─── Data records

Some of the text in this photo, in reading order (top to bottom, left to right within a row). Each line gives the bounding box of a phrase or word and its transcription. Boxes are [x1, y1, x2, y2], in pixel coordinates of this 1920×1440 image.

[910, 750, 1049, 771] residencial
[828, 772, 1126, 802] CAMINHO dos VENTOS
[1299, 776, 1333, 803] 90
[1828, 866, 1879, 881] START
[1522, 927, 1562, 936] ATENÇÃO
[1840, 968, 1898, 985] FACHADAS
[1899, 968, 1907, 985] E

──────

Print the records again in full, exactly as they appear above.

### [Task solution]
Some of the text in this photo, in reading order (top to bottom, left to right within a row). Each line gives the bounding box of a phrase or word and its transcription. Boxes are [x1, y1, x2, y2], in pixel coordinates of this 1920×1440 image.

[910, 750, 1049, 771] residencial
[828, 772, 1126, 802] CAMINHO dos VENTOS
[1299, 776, 1333, 803] 90
[1828, 866, 1879, 881] START
[1522, 927, 1562, 936] ATENÇÃO
[1840, 968, 1898, 985] FACHADAS
[1899, 968, 1907, 985] E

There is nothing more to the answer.